A group of cheery people sitting around a plastic garden table under an umbrella greeted us as we approached. Ivan and his mates shook our hands and welcomed us effusively. There was much cross-talk and excitement at our arrival and nary a word of English to be heard. We sat and were given drinks and snacks and then plied with questions. G answered some from the left hand side of the table; I tried to cope with the ones coming from the right. More people kept arriving; more introductions; more names to instantly forget. I thought my face would never recover from all the smiling. One by one, everyone around the table explained what they did for a living, and what a diverse gathering: mechanic, lecturer, car salesman, bus driver...

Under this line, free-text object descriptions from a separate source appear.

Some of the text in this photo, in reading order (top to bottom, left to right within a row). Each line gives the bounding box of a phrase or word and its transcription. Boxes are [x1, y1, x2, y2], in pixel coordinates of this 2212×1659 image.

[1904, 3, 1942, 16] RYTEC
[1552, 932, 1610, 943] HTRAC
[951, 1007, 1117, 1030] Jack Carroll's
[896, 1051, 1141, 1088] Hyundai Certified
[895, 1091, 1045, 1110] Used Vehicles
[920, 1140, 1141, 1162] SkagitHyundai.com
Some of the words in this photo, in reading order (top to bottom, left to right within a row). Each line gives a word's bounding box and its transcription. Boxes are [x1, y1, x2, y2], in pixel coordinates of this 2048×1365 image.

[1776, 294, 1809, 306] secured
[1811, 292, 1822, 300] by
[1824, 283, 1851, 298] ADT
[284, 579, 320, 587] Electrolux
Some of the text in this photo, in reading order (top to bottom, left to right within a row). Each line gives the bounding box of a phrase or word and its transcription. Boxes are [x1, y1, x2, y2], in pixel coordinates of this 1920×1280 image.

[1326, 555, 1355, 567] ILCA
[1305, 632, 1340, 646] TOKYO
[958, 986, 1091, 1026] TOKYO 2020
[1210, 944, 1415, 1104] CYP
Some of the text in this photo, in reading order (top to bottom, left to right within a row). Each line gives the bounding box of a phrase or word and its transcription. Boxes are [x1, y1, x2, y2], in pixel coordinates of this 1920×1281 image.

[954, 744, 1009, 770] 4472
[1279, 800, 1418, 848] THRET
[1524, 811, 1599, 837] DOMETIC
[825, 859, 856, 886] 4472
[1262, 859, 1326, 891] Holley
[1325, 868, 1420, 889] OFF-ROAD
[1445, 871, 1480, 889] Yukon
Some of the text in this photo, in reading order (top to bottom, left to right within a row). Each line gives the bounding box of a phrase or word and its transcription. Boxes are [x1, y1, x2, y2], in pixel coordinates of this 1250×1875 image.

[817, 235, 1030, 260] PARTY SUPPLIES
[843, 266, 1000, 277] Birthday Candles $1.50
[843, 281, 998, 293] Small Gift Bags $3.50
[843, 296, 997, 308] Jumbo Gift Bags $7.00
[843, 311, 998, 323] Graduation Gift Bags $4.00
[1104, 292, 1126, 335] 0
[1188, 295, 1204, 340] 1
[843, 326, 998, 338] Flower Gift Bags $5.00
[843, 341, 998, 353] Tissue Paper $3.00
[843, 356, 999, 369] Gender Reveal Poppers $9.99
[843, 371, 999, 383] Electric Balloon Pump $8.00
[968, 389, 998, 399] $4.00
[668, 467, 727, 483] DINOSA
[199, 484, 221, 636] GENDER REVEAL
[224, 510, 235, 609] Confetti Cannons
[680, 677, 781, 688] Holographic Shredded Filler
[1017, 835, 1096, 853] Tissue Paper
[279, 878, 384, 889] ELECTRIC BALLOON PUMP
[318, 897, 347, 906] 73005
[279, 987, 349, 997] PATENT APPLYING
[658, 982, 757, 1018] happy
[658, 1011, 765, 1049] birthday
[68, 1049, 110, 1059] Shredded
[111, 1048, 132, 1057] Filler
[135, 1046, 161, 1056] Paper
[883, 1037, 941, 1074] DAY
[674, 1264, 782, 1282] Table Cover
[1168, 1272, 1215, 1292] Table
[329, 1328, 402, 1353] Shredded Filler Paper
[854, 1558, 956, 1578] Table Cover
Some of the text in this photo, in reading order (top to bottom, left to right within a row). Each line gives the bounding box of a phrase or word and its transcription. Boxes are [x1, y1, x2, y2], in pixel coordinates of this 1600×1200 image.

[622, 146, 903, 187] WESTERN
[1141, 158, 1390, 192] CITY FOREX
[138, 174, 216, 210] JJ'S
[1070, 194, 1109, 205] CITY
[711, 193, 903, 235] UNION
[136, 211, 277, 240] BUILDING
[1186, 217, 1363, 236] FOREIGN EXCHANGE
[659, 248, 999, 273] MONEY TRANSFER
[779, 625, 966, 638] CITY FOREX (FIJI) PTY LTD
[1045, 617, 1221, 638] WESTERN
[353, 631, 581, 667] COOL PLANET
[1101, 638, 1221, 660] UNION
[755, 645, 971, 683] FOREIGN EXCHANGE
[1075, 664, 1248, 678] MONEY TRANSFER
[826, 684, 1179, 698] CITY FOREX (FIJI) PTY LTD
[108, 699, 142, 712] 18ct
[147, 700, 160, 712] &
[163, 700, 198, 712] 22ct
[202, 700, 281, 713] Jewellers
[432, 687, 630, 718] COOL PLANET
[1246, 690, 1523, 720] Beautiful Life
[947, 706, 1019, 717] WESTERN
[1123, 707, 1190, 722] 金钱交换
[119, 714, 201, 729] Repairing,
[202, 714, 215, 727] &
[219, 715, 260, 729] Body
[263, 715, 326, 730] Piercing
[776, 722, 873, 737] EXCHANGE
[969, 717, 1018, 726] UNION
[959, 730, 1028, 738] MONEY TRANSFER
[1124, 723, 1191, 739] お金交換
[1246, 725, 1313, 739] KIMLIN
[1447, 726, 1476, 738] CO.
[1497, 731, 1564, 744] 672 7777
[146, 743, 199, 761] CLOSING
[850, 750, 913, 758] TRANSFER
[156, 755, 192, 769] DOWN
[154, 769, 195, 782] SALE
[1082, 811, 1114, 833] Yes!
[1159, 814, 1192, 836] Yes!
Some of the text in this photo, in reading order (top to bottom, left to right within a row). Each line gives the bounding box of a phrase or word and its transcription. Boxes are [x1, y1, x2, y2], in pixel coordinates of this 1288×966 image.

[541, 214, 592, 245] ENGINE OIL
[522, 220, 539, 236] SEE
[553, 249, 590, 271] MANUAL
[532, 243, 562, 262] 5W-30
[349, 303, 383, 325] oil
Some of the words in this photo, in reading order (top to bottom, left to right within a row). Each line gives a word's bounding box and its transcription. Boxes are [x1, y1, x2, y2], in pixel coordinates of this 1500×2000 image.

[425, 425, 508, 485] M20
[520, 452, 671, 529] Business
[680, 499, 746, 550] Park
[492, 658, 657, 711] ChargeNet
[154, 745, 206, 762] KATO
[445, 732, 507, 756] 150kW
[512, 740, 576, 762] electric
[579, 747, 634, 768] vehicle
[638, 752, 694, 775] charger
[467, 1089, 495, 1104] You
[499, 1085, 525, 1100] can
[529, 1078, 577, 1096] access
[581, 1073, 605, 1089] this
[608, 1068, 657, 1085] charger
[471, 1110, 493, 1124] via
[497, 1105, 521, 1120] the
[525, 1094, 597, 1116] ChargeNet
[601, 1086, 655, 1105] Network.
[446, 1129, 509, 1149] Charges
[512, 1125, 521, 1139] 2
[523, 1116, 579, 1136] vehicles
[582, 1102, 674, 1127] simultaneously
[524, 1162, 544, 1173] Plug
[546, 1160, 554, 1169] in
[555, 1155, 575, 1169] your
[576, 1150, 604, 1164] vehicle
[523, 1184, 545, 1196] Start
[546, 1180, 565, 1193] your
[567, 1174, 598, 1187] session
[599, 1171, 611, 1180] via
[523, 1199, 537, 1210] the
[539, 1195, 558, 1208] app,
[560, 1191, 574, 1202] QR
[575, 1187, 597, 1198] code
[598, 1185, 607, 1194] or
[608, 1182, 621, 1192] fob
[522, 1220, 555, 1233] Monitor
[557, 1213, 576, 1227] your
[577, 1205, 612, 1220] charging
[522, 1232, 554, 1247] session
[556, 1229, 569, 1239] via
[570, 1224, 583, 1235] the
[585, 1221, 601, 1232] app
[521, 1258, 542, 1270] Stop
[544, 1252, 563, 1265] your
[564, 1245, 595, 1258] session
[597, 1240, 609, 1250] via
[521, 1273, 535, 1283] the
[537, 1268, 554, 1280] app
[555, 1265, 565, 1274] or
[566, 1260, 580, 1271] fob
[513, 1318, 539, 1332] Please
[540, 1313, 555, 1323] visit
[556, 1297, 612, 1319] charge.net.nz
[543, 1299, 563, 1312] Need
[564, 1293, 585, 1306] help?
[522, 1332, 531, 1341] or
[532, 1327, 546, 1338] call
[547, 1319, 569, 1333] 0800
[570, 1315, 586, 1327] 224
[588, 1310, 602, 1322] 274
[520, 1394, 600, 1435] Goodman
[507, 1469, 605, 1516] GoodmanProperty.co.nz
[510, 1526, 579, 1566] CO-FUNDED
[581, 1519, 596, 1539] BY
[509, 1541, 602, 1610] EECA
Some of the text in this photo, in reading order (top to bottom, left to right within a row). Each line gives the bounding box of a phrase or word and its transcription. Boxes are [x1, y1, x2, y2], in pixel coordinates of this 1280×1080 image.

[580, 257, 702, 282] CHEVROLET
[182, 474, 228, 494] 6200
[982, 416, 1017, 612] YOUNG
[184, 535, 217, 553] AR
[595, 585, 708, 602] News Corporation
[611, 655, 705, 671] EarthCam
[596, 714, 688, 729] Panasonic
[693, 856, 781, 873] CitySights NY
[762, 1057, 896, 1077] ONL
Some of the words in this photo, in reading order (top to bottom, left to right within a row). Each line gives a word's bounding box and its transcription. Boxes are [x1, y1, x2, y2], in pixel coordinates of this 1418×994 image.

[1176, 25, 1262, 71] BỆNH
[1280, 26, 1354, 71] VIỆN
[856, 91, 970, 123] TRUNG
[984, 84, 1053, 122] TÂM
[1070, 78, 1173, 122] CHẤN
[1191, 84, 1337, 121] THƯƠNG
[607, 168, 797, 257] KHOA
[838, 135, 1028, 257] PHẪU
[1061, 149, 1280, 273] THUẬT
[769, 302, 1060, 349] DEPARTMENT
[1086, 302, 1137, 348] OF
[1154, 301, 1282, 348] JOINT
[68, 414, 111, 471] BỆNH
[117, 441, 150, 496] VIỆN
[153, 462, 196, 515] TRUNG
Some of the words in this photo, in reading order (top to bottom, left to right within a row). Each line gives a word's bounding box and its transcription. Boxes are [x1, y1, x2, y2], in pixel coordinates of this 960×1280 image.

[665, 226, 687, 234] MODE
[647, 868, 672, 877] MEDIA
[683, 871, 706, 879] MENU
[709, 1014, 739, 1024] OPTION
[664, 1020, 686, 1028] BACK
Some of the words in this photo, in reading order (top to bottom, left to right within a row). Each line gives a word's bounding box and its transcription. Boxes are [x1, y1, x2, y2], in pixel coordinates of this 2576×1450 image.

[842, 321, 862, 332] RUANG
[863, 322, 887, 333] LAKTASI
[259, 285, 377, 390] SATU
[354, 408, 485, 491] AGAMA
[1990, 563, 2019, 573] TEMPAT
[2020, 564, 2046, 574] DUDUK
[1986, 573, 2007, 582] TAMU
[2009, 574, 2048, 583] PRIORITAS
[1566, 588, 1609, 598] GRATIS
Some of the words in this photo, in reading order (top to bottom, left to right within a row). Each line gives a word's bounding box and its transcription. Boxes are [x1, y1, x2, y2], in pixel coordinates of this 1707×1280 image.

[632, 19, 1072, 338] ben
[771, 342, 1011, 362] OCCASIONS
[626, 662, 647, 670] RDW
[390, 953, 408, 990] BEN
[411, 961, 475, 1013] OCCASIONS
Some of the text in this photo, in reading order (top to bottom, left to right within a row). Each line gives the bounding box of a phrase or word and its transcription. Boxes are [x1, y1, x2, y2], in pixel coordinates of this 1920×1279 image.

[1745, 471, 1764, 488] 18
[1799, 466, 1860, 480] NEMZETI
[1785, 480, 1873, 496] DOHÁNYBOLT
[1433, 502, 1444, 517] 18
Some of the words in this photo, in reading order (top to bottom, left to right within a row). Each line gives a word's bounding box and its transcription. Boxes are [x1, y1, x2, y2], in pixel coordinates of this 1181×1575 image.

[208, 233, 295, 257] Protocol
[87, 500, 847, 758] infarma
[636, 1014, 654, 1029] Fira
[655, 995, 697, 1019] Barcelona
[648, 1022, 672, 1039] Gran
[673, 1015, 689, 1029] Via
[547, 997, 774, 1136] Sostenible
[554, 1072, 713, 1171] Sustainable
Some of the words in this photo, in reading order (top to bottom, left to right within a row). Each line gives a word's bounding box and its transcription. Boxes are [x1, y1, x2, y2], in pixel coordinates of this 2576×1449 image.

One neighbour arrived and thrust a fresh-baked warm loaf into Guy's hands. A gift! When we expressed interest, he invited us to come and see his bread oven, and the home that he had built, just across the lane. So G and I followed him home and inspected his enormous hand-built stone oven, which sat outside where most people would have the garage. Indoors, we were taken on a guided tour of the ground floor - the kitchen, dining room, bathroom, his hand-made wooden stairs. His home was very French, very functional, with its tiled flooring and absence of soft furnishings.
Back across the road and Christian, who works at the local Renault, wanted to know whether we had hired a car and from where. Had we ever driven an electric car? Well, no. My experience of electric vehicles was confined, at that point, to listening to the stealthy arrival of the milk float in the early mornings in England, followed by the clink of bottles as the empties were replaced by full. But I digress. Realising that we were electric-car virgins, Christian leapt up and insisted that G and I have a look at the one he happened to have parked in the driveway.
Very nice, I'm sure. A little white panel van. Lovely. No doubt handles well, etc. Yawn. What's that? You want me to drive it? Oh! Well, I suppose, since G has been getting stuck into the grapefruit schnapps, it falls to me to be designated driver, only I hadn't planned on driving at dusk an unfamiliar electric panel van backwards up a tiny driveway with stone walls inches away, and I hadn't planned either on driving "Faster! Faster!" along single-lane country roads while G perches on stuff in the back and peers between the seats, loudly swapping French phrases of enthusiasm with the electric-car salesman extraordinaire on my right. Did I mention it was an electric (read SILENT engine) left-hand drive vehicle, and that I was undergoing an intense and spontaneous cultural exchange program while trying to stay on the road?
We returned to the gathering as if nothing had happened. I mean, dinner guests leave my home in groups of three and four to go off on jaunts around the countryside all the time.
Dinner was served indoors. We adults sat around a large central table in Edith and Ivan's open-plan living room, while beautiful Oceane - the only child - snuggled and later snoozed on the sofa with the cat. Ivan insisted that I sat next to him, G on my other side, at the one end of the table with the men, while the women gathered at the far end of the table. The men were full of bonhomie (and booze) and were loud and garrulous. The women watched and laughed and indulged them.
First came onion soup with broken-off chunks of home-made bread. Delicious. And filling. G was encouraged to do the traditional thing and add a little red wine to the last spoonful of soup, the bowl then raised to the lips...You would think he had split the atom, such was the excitement when he complied!
Next came the cheese. No cowering camembert and crouching cheddar here. These were big mamas of cheeses - large, unapologetic chunks and rounds of local cheeses, served with more of that wonderful bread. Delicious. And filling.
The main course arrived after a short expectant wait. Tête de veau is, well, literally, the head of a calf in all its g(l)ory. Luckily for us, it had been carved up before it arrived at the table and looked no more than a pile of unfamiliar bits of meat and fat on a plate. Ivan helped me to a serving of cheek (blerk), G got the tongue (blerk) and Ivan took a bunch of fat (the best, according to him). Double blerk. I had a good go at mine but quickly reached my limit and started making excuses. G soldiered on a little more. Ivan kept asking if we liked it, but also "no pressure". Not so very delicious. But filling.
Dessert. A couple of large gateaux to choose from. Delicious. And I was full to bursting. Coffee, more alcohol.
The evening went by in a blur of talk, laughter and, for me, anyway, only sketchy comprehension. But it was fun and warm and incredible to share something of our new "near-neighbours'" lives, and we were full up with the human kindness of it all.
We staggered back to the hotel at one in the morning, having conducted a very animated post-mortem of our first-ever fête du premier mai. It was simply unbelievable, the warmth and welcome we had received.